My 36 year old son has had MS since he was 15. In the early days his problems were the typical physical tingling finger dragging a foot swallowing etc but these seem for now to have abated but he is left with a lot of cognitive problems. These cognitive symptoms isolate him because communicating and organisation are the areas of his brain most effected. His speech can be difficult to understand particularly when stressed and to compound matter further dyslexia limits communication on boards like this. I would be particularly interested in hearing from similar people or carers, he can’t be the only one out there.
My wife has cognitive and comunication problems, so no you aren’t alone. She first developed MS about 30 years ago and is now in her early 50’s. The cognitive and communication difficulties started a couple of years ago. As it progressed I started to notice various ways in which she could gesture; eye movements, head nods, smiles and other facial expressions and have learned to interpret those. I have to ask questions very carefully, avoiding questions with choices and phrase them so that they only require a yes or no answer. And some times I have to be very patient and realise that when I don’t appear to be getting an answer it is because she thinks that she has answered but the MS has interupted that - so it is sometimes a case of trying several different ways for her to communicate an answer.

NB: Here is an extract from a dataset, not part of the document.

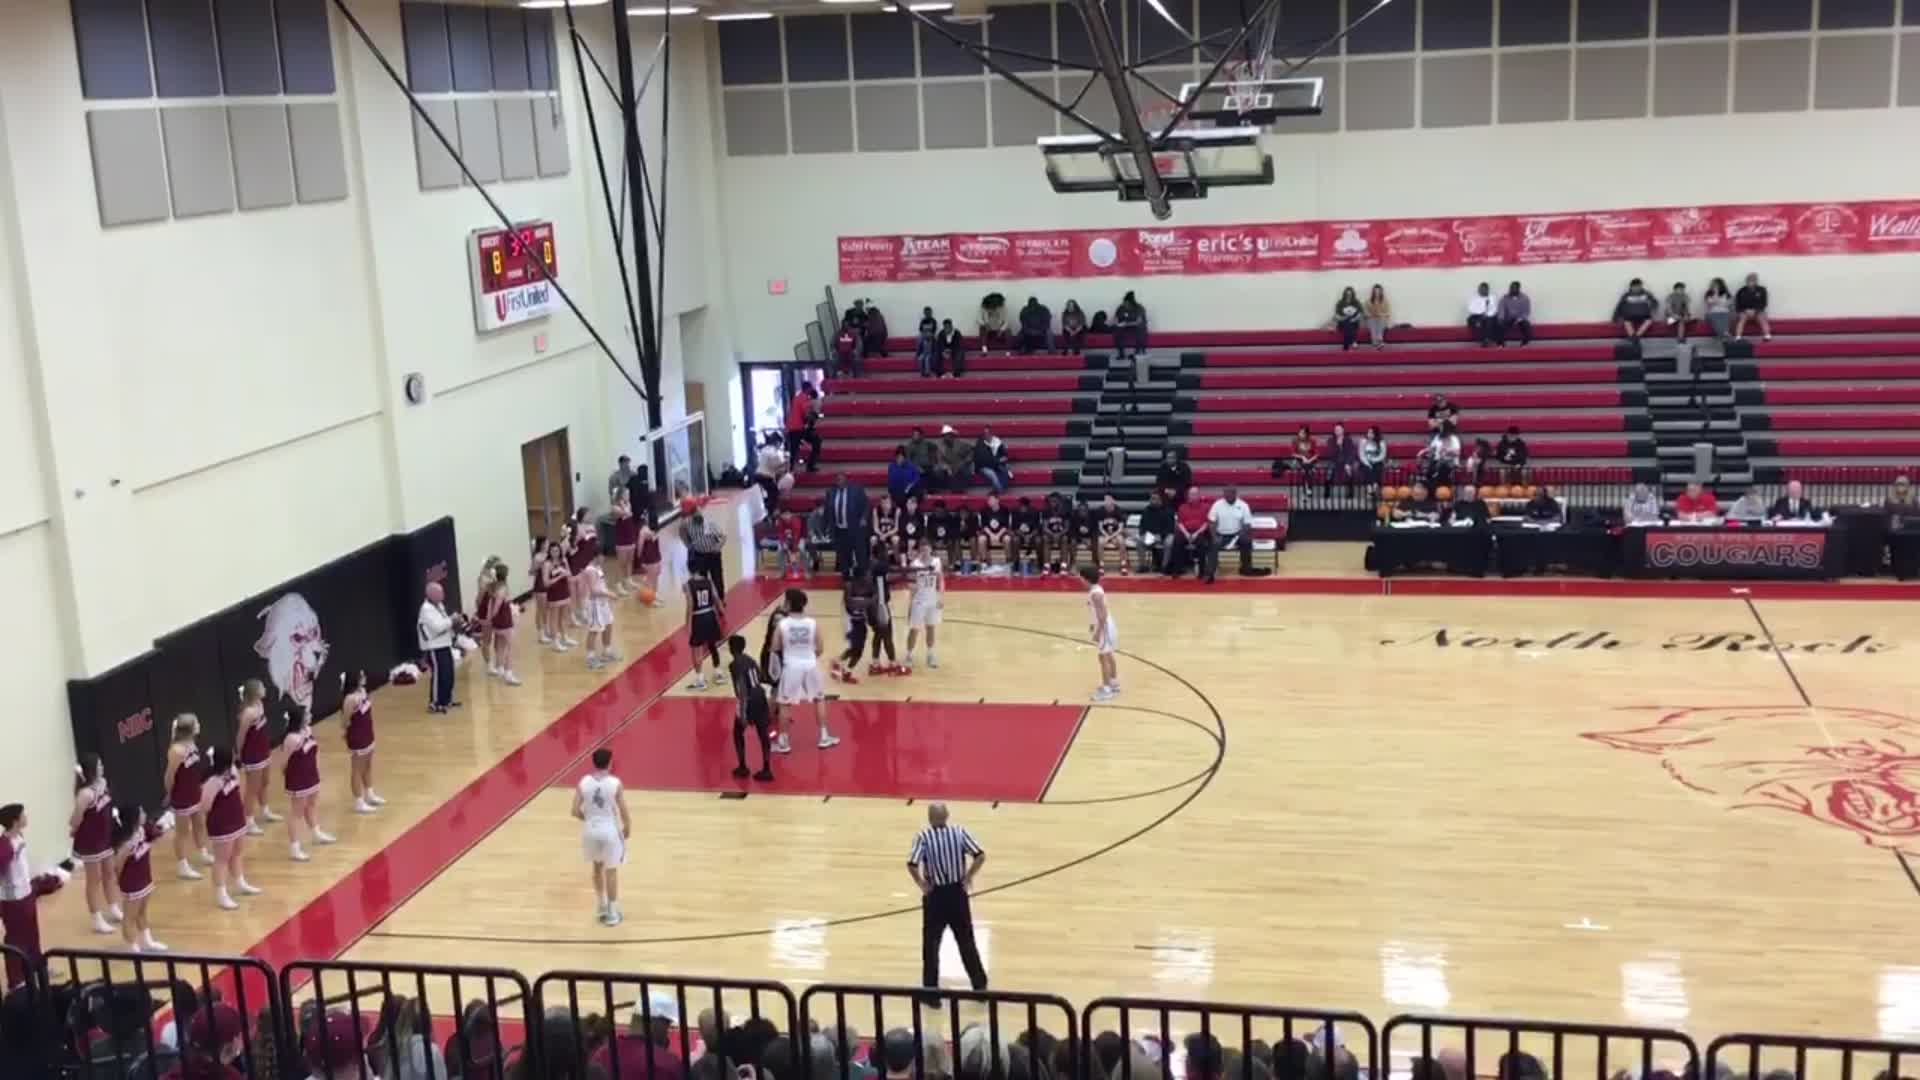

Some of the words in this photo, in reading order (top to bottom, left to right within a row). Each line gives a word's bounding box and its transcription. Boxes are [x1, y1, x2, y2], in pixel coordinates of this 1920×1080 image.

I don’t know if that is of any help, but at least you know you aren’t alone in facing this problem.
Hi, And I thought I was having a hard time with my sons situation. I could probably learn a lot from you about early signs etc that your wife would have had but I have learned in life if you are not ready to face up to the answer don’t ask the question. I take it you are your wife’s career do you manage to get out at all? Mike
My wife has quite a large are package and we have carers in the house for getting on for 6 hours each day, though I am still the main carer. She has now reached the stage of being pretty much bed-bound. And no that does not mean that your son is likely to follow suit. A cliche I know, but it is true that no 2 people with MS have the same symptoms or outcomes.
It is difficult for me to get out much - I have manupulated carer visits so that I have a reasonable break in the afternoons - 3 hours between calls that allows me some leeway. I also have some respite (sit-in) time allowed by social services, a magnificent 1 hour per week - which I tend not to squander every week, but manage an evening at the pub about once a month, though I have to be home by 10pm as the carers can’t work any later.
I deem the afternoon break as ‘my time’ and do with it what I want - it is important to try to have some time just for yourself and to do some non-carer things. And yes I do break my rules sometimes.
Trying to watch for ‘early’ signs is just self-punishment - if you are the type of person who can be a carer, and I suspect that you are, then you might just as well jump in blind. Years ago my father gave me a guide in life that has really helped me to come to terms with things; he said “Only worry about the things you can have an affect on. Do what you can and then move on to the next thing. Never waste your time worrying about something you can’t alter - that’s just beating yourself up for no good reason.” I can’t affect the course of the MS but I can affect the quality of life for my wife, so that’s what I do.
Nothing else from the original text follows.